6.4 Selecting a sample point with the maximum characteristic value, and retraining the neural network model by using an input data set of the sample point so as to update parameters of the neural network model;

6.5 Returning to step 5).

The beneficial effects of the invention are as follows:

1) The invention optimizes the stacking sequence and material distribution of the mixed composite material from the microscopic scale, and compared with the mixed composite material optimized from the macroscopic scale, the invention has more accurate analysis and better accords with engineering practical application.

2) The single composite material is extremely complex in design and manufacture due to unique composition components, and further, the performance of a computer is very tested in the aspect of computer design optimization, but the mixed composite material is more complex than the single composite material, so that various optimization algorithms are used, the burden of a designer and the computer is greatly reduced, and meanwhile, the optimization accuracy is increased.

3) Compared with the traditional Genetic Algorithm (GA), the novel punishment objective function is provided, and aims to reduce optimization variables which do not meet constraint conditions, so that the calculation load of a computer is further reduced, the calculation speed is greatly improved, and the optimization accuracy is improved.

In a word, the method of the invention uses a plurality of optimization algorithms, thereby greatly reducing the burden of designers and computers, greatly improving the calculation speed, improving the optimization accuracy and being more suitable for engineering practical application.

Drawings

FIG. 1 is a schematic diagram of a hybrid composite model according to an embodiment of the present invention;

FIG. 2 is an iterative process of stacking order and material patch optimization in accordance with an embodiment of the present invention;

FIG. 3 is a finite element analysis flow of a hybrid composite material according to the present invention;

FIG. 4 is a flow chart of the hybrid composite optimization in the present invention.

Detailed Description

The invention will be further described with reference to the accompanying drawings and examples, but the scope of the invention is not limited thereto, and the method of the invention specifically comprises the following steps, as shown in fig. 3 and 4:

1. Determining basic information of the mixed composite material to be analyzed: the boundary condition is nine layers of mixed composite materials with four sides simply supported, the length L=0.508 m, the width W=0.406 m, and the thickness of each layer is deltaT=0.125 mm. The maximum overall cost parameter c=9.5 USD, the minimum value of failure probability is The relationship between the reliability parameter P _f and the failure parameter FI is: p _f = P [1-FI ]. Three alternative materials were selected: material I, material II and material III will be used in subsequent calculations to represent material I by "1", material II by "2" and material III by "3"; the layer stack sequence is selected from the angles [ -45,45,0,90] and recombined. Performance parameters/>Is defined as the natural frequency F _f. An example of modeling a hybrid composite material is shown in fig. 1.

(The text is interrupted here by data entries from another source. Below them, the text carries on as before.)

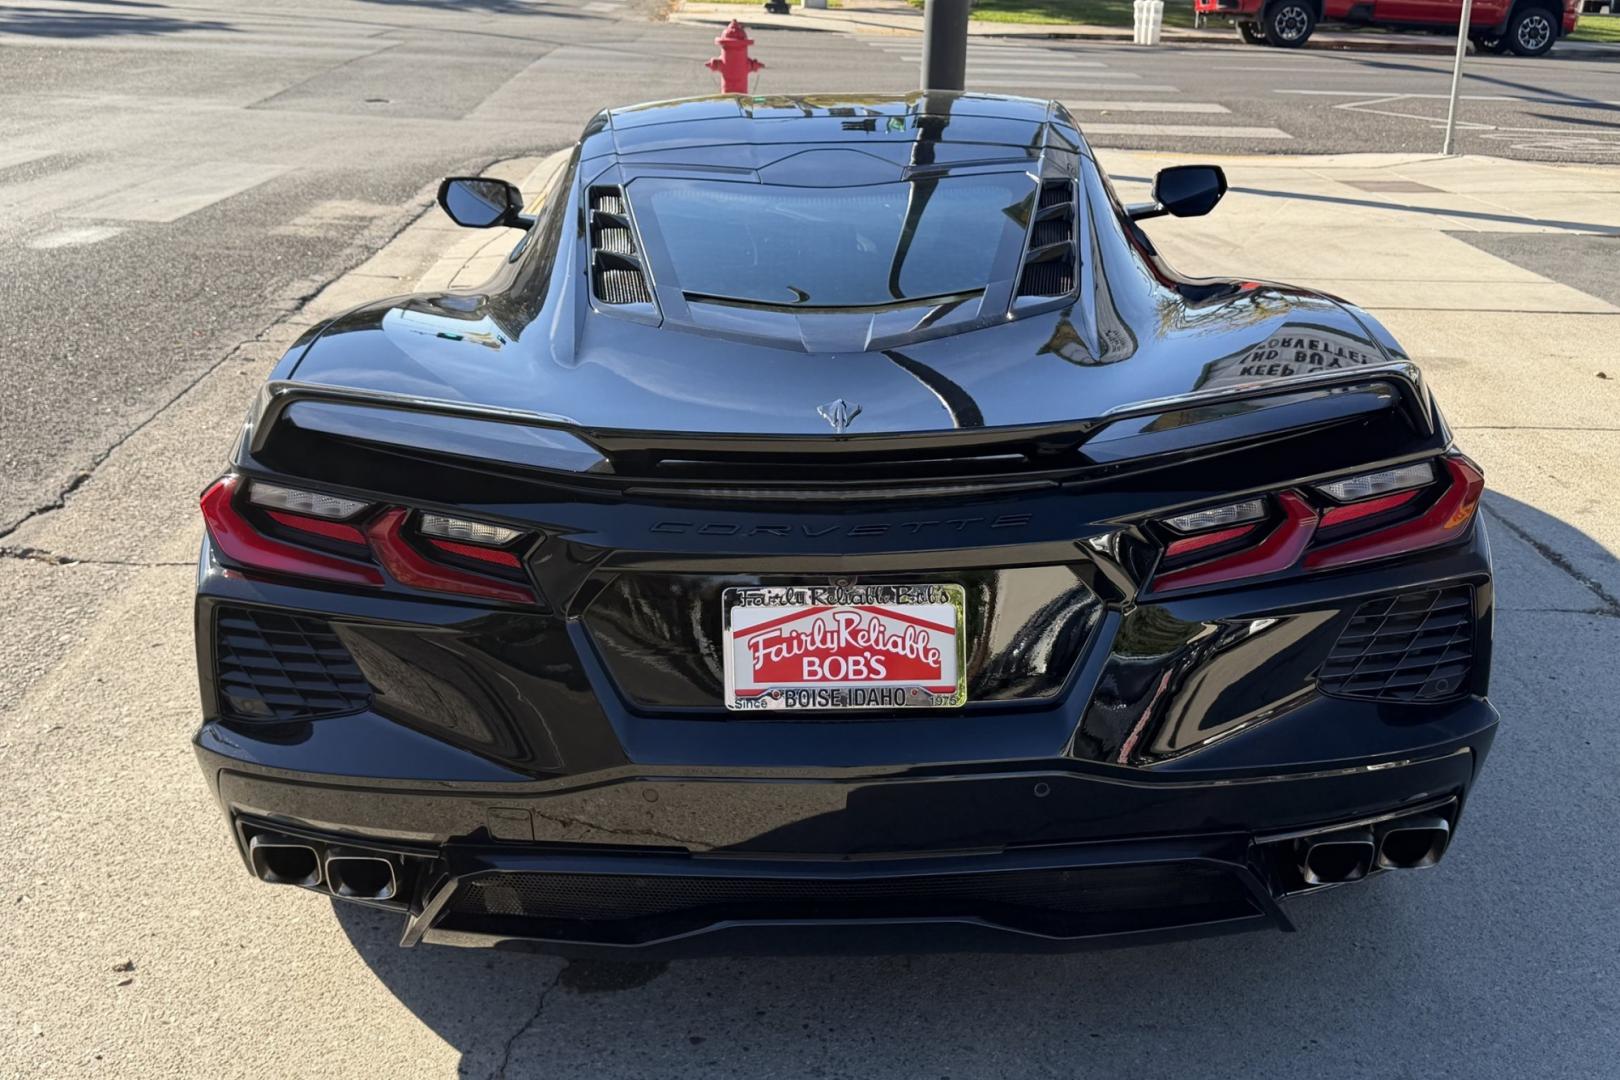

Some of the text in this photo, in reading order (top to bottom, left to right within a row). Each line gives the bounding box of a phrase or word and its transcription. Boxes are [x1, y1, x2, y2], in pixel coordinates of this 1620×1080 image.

[650, 512, 1033, 538] CORVETTE
[748, 610, 942, 670] Fairly Reliable
[802, 652, 887, 680] BOB'S
[734, 698, 768, 709] Since
[850, 687, 907, 707] IDAHO
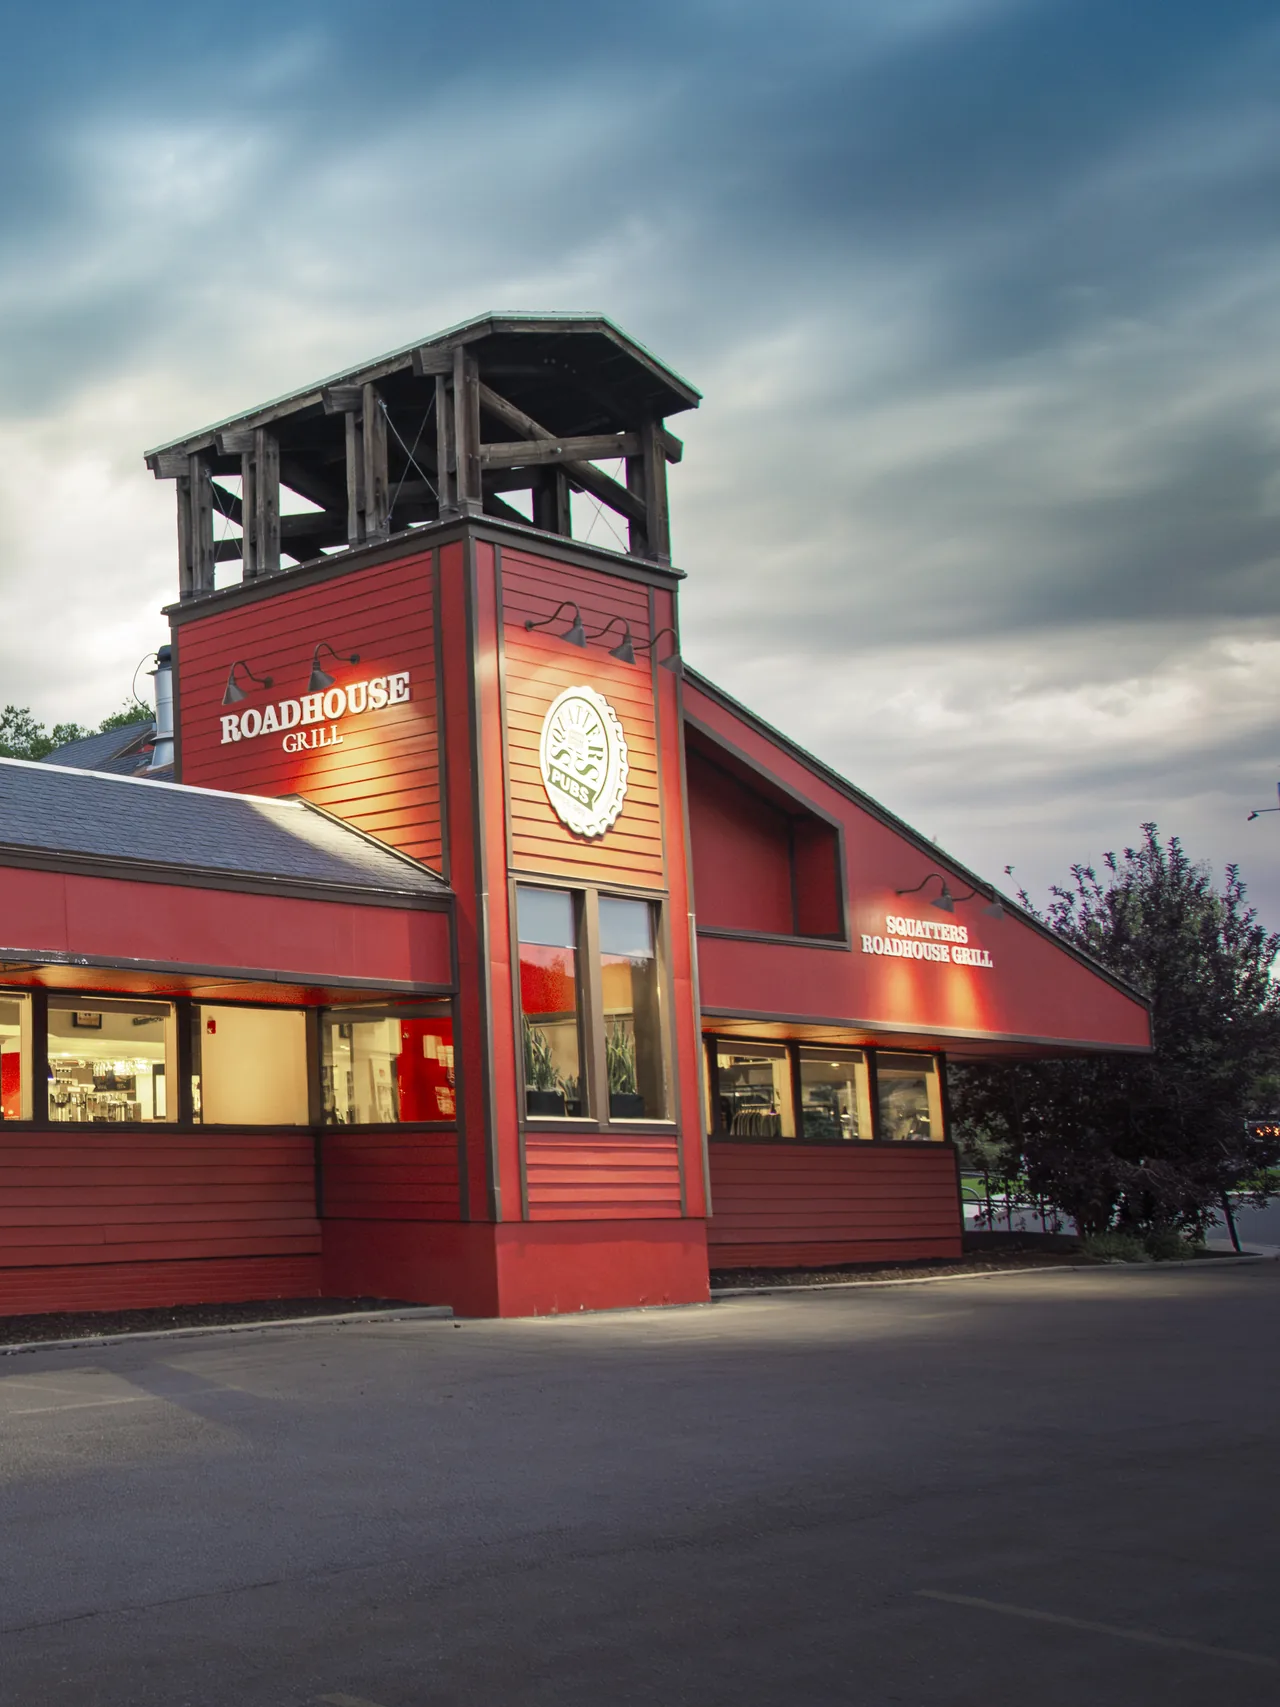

2. Uncertainty quantization is performed on microscopic properties of alternative materials (material I, material II, material III): the method specifically comprises the following steps:

Firstly, regarding each attribute parameter in the microscopic elastic attribute and the microscopic strength attribute of the candidate materials (material I, material II and material III) as different sparse variables y, and processing statistics under different distribution types theta _k and different distribution parameters epsilon of sampling distribution of the sparse variables y to obtain a probability density function f _y(y|ε,θ_k of the sparse variables y expressed by the following formula:

Wherein L (ε, θ _k) is the likelihood estimate of the sparse variable y under the distribution type θ _k and the distribution parameter ε, ε L (ε, θ _k) dε is the integral of the likelihood estimate of the sparse variable y with respect to the distribution parameter ε, θ _k represents the kth distribution type;

Obtaining a maximum likelihood estimated value L _max(ε,θ_k of the sparse variable y according to statistics of all likelihood estimated values of the sparse variable y under different distribution types theta _k and different distribution parameters epsilon, and then calculating information entropy AIC _k of different distribution types theta _k by adopting a minimum information criterion method:

AIC_k＝2num_k-2ln(L_max(ε,θ_k))

Where num _k represents the number of distribution parameters ε, L _max(ε,θ_k) represents the maximum likelihood estimation value of the sparse variable y under the distribution type θ _k and the distribution parameters ε, AIC _k represents the information entropy of the kth distribution type, and k represents the ordinal number of the distribution type;

Then, the probability values P _{θ_k} of different distribution types are obtained using the following formula:

P_{A_k}＝exp((AIC_min-AIC_k)/2)

Wherein AIC _min represents the minimum information entropy;

Finally, the distribution type theta _k with the probability value P _{θ_k} being larger than the distribution type probability threshold value P _Δ is used as the distribution type of the sparse variable y, namely the distribution type of the microscopic attribute of the candidate material set corresponding to the sparse variable y.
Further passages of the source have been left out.